Okay, just a bit about actual mathematical physics per se this time.
1) On quantum mechanics, by Carlo Rovelli, uuencoded PostScript file, 42
pages available as hep-th/9403015.
This interesting paper suggests that reason why we are constantly
arguing about the meaning of quantum mechanics, despite the fact that it
works perfectly well and is obviously correct, is that we are making a
crucial conceptual error. Rovelli very nicely compares the problem to
special relativity before Einstein did his thing: we had Lorentz
transformations, but they seemed very odd and paradoxical, because the
key notion that the space/time split was only defined *relative to a frame*
(or "observer" if we wish to anthropomorphize) was lacking. Rovelli
proposes that in quantum mechanics the problem is that we are lacking
the notion that the *state* of a system is only defined relative to an
observer. (The "Wigner's friend" puzzle is perhaps the most obvious
illustration here.) What, though, is an observer? Any subsystem of a
quantum system, says Rovelli; there is no fundamental "observer-observed
distinction." This fits in nicely with some recent work by Crane and
myself on quantum gravity, so I like it quite a bit, though it is
clearly not the last word on this issue (nor does Rovelli claim it to
be).
2) Adjointness relations as a criterion for choosing an inner product,
by Alan Rendall, gr-qc/9403001.
The inner product problem in quantum gravity is an instance of a
general, very interesting mathematics problem, namely, of determining an
inner product on a representation of a star-algebra, by demanding that
the representation be a star-representation. Rendall has proved some
very nice results on this issue.
3) Gromov-Witten classes, quantum cohomology, and enumerative geometry,
by M. Kontsevich, Yu. Manin, hep-th/9402147.

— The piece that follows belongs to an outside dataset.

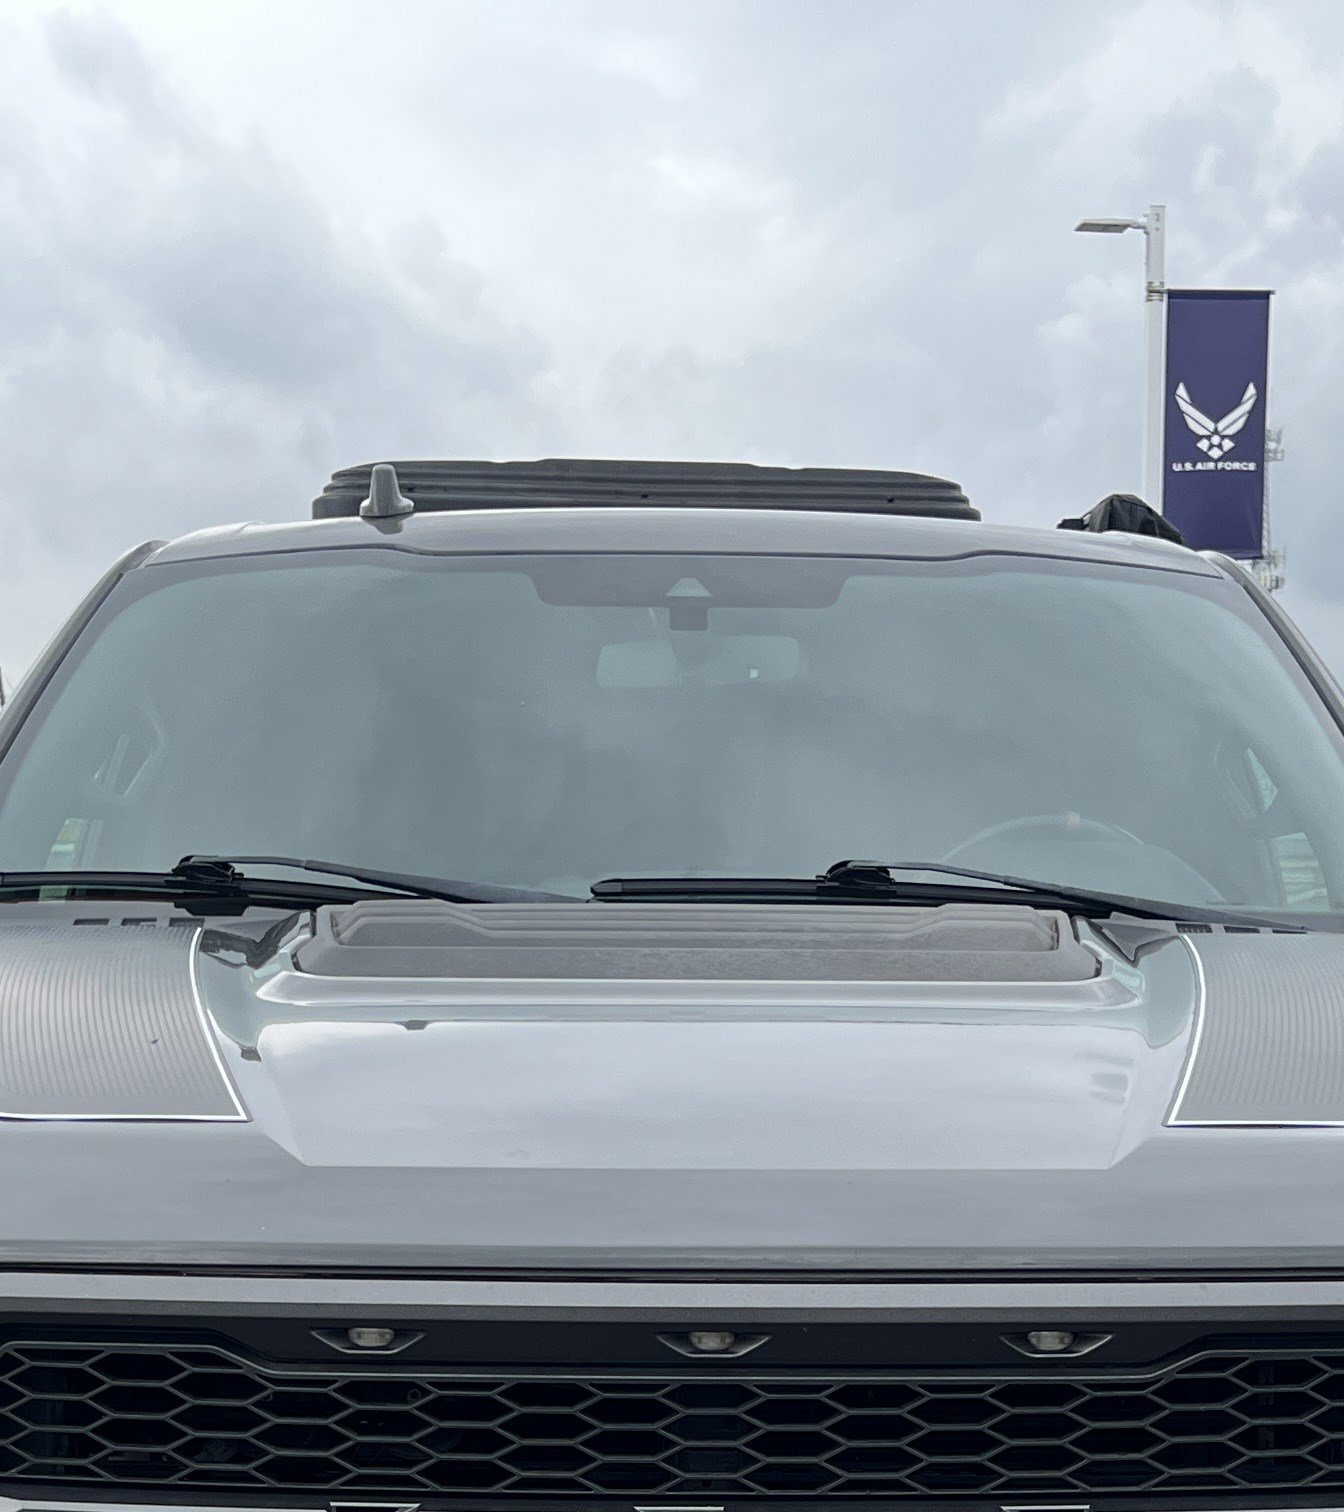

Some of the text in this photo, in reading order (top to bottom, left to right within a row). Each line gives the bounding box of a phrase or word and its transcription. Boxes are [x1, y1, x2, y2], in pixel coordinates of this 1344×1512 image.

I will probably never understand this paper so I might as well mention
it right away. Kontsevich's work on knot theory, and Manin's work on
quantum groups and (earlier) instantons is extremely impressive, so I
guess they can be forgiven for their interest in algebraic geometry.

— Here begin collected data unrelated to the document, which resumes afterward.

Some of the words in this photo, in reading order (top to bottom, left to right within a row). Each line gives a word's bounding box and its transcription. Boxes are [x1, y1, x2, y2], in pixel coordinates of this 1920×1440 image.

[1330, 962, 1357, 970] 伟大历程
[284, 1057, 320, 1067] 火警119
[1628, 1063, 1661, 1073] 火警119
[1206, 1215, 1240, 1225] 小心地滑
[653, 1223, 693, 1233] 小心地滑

(A joke.) Let me simply quote:
"The paper is devoted to the mathematical aspects of topological
quantum field theory and its applications to enumerative problems
of algebraic geometry. In particular, it contains an axiomatic
treatment of Gromov-Witten classes, and a discussion of their
properties for Fano varieties. Cohomological Field Theories
are defined, and it is proved that tree level theories
are determined by their correlation functions. Applications
to counting rational curves on del Pezzo surfaces and projective
spaces are given."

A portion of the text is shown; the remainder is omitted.